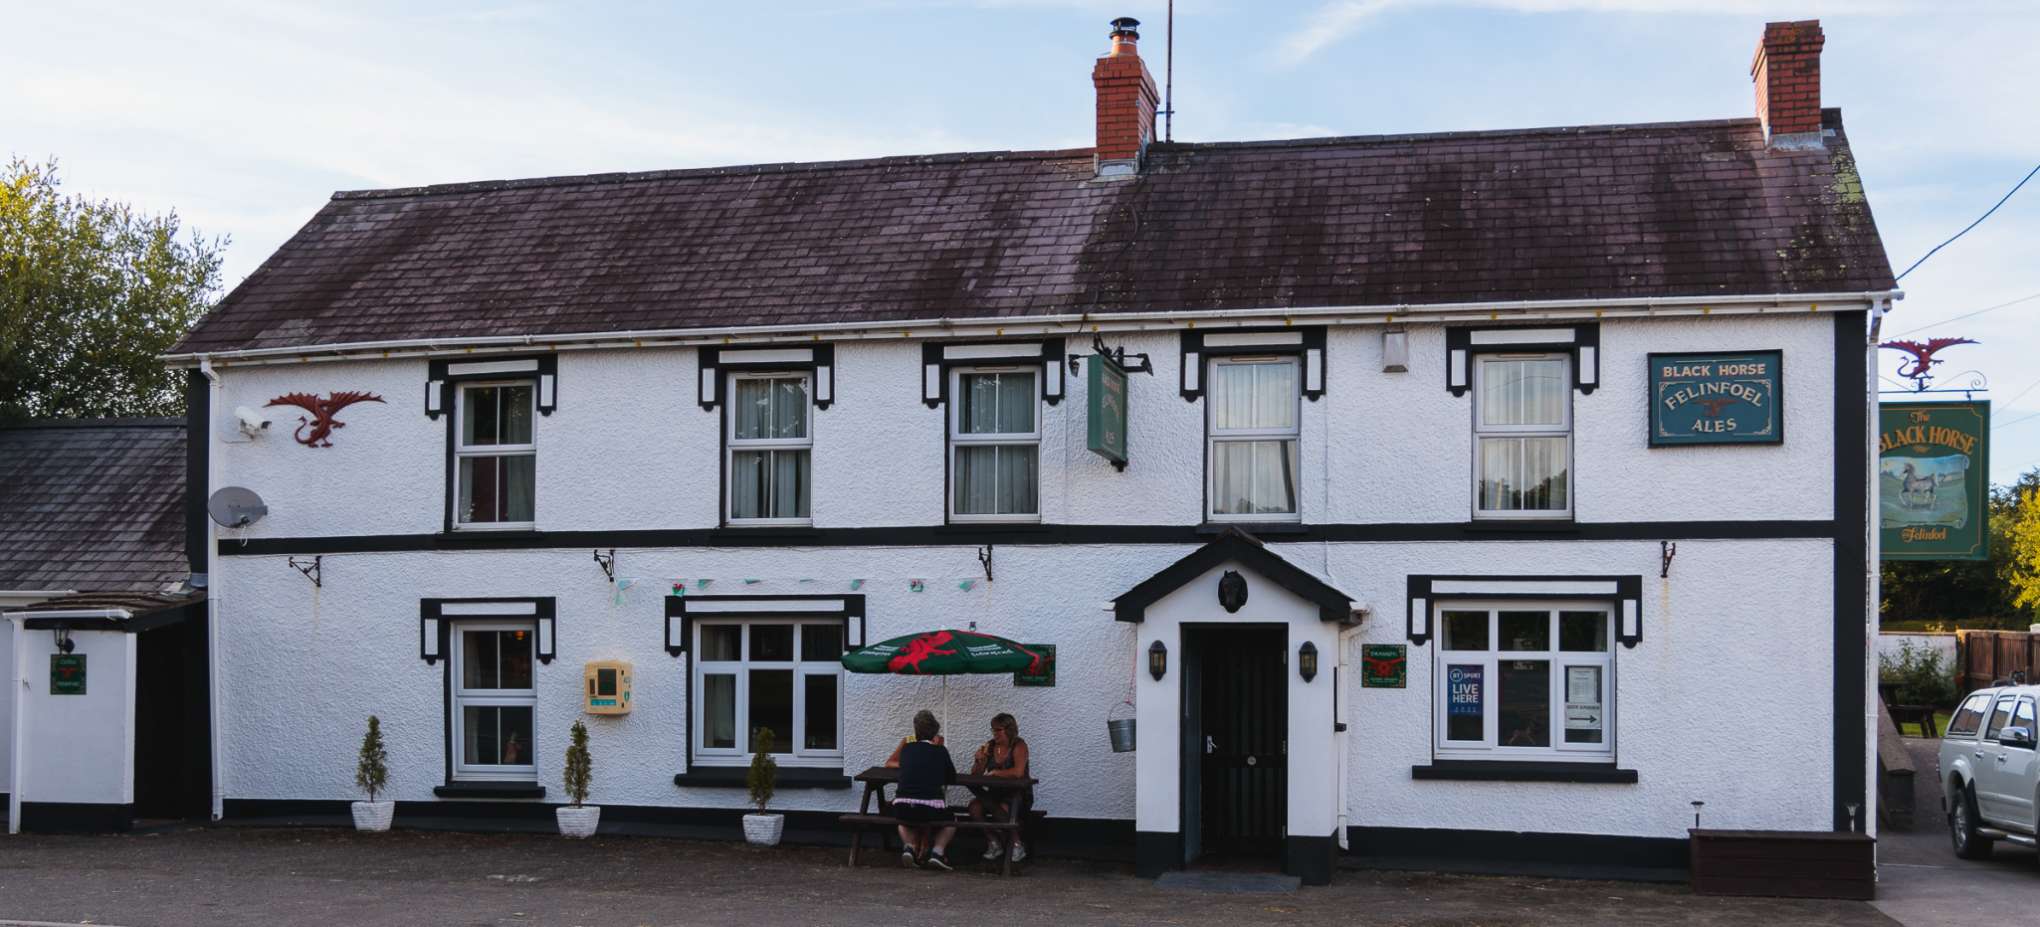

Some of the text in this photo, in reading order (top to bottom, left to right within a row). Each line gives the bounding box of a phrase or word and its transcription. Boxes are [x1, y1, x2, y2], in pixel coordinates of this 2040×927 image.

[1663, 363, 1766, 378] BLACK HORSE
[1664, 381, 1763, 411] FELINFOEL
[1691, 417, 1737, 433] ALES
[1928, 425, 1977, 455] HORSE
[1452, 683, 1479, 694] LIVE
[1452, 694, 1479, 703] HERE
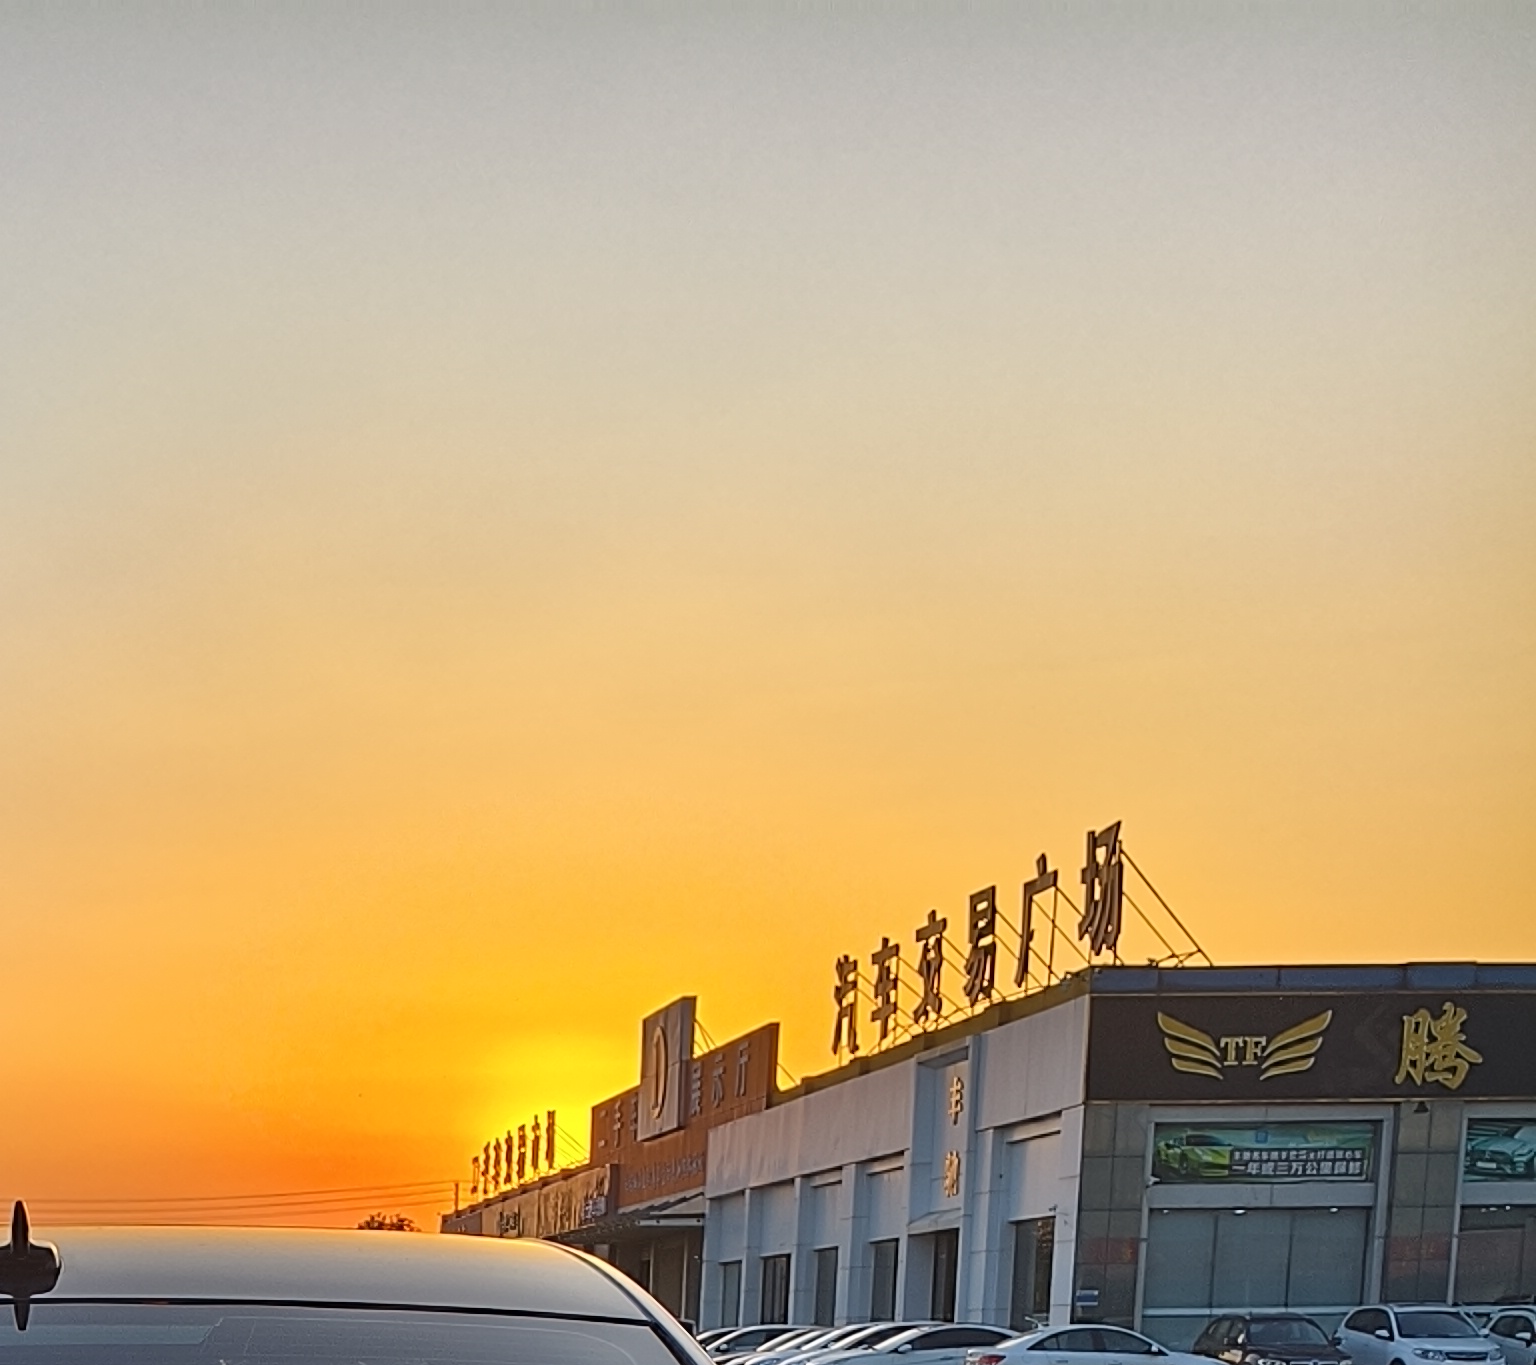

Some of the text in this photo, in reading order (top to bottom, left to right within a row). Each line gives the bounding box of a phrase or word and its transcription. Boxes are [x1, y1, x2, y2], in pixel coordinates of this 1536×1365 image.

[831, 820, 1123, 1055] 汽车交易广场
[689, 1039, 752, 1118] 展示厅
[1219, 1035, 1267, 1067] TF
[1395, 1001, 1483, 1090] 腾
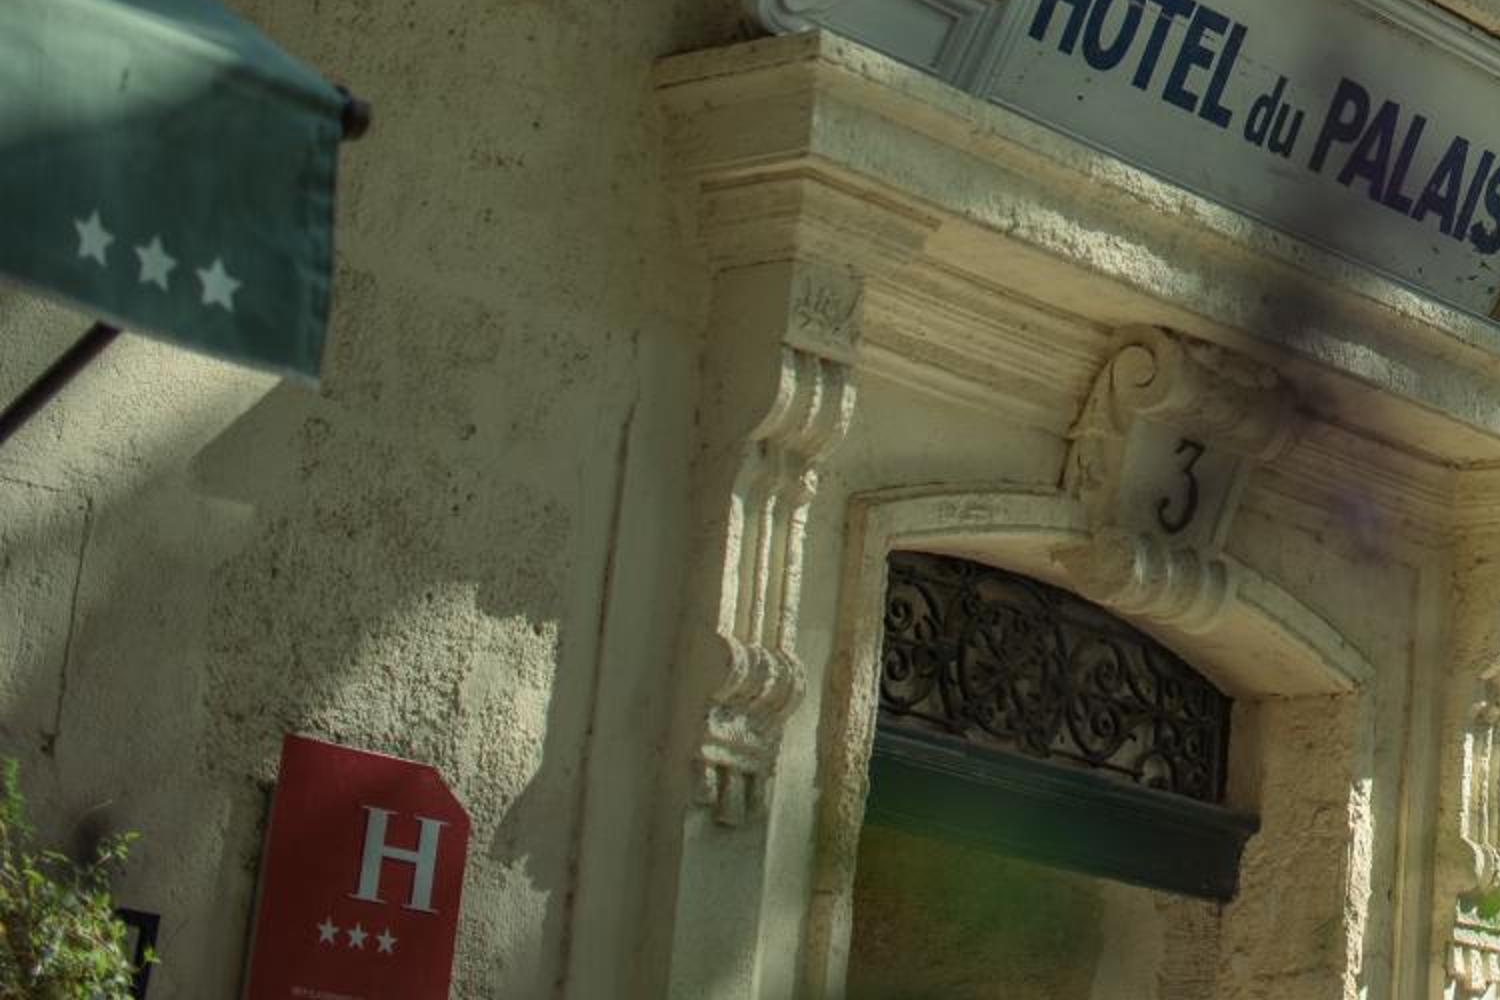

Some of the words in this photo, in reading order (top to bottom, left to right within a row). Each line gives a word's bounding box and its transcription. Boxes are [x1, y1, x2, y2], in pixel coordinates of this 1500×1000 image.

[1243, 76, 1305, 159] du
[1157, 438, 1206, 534] 3
[347, 804, 449, 914] H
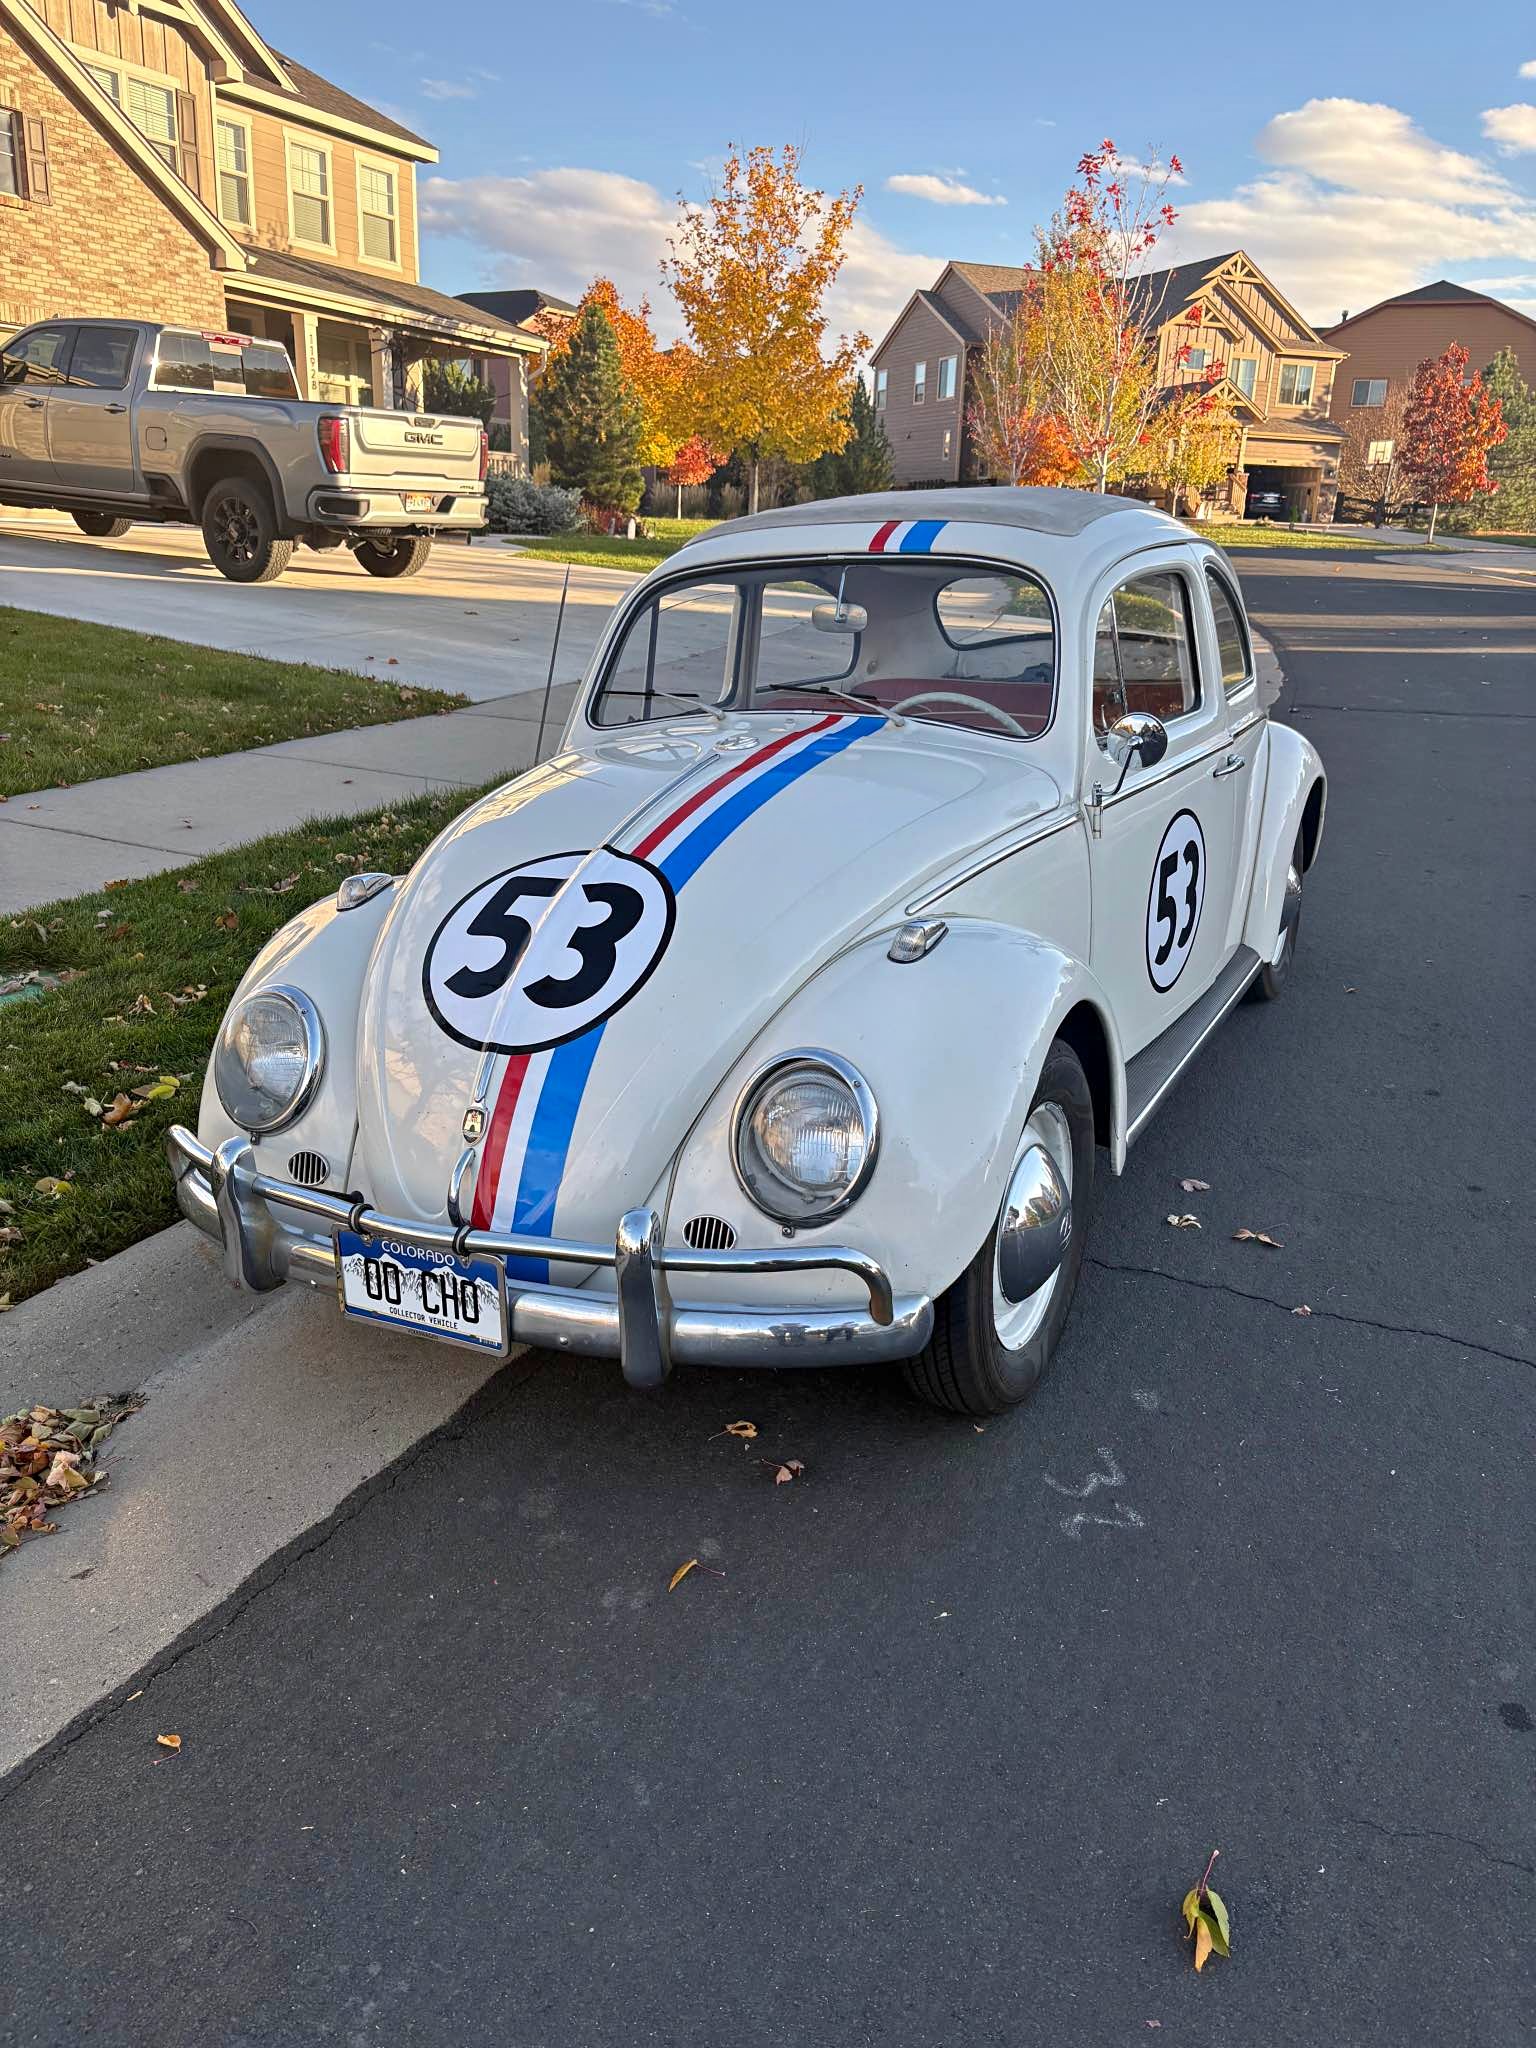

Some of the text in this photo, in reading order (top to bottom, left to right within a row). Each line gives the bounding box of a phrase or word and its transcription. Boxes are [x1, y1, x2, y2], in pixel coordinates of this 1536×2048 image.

[404, 431, 443, 445] GMC
[1155, 840, 1199, 966] 53
[444, 876, 645, 1009] 53
[381, 1240, 455, 1267] COLORADO
[389, 1306, 458, 1330] COLLECTOR VEHICLE

____________________

Exercise requirements:
Look above for the line that holds "this 1536×2048 image.", then copy it and each line after it exactly, through the last line of the data.

Final answer:
Some of the text in this photo, in reading order (top to bottom, left to right within a row). Each line gives the bounding box of a phrase or word and its transcription. Boxes are [x1, y1, x2, y2], in pixel coordinates of this 1536×2048 image.

[404, 431, 443, 445] GMC
[1155, 840, 1199, 966] 53
[444, 876, 645, 1009] 53
[381, 1240, 455, 1267] COLORADO
[389, 1306, 458, 1330] COLLECTOR VEHICLE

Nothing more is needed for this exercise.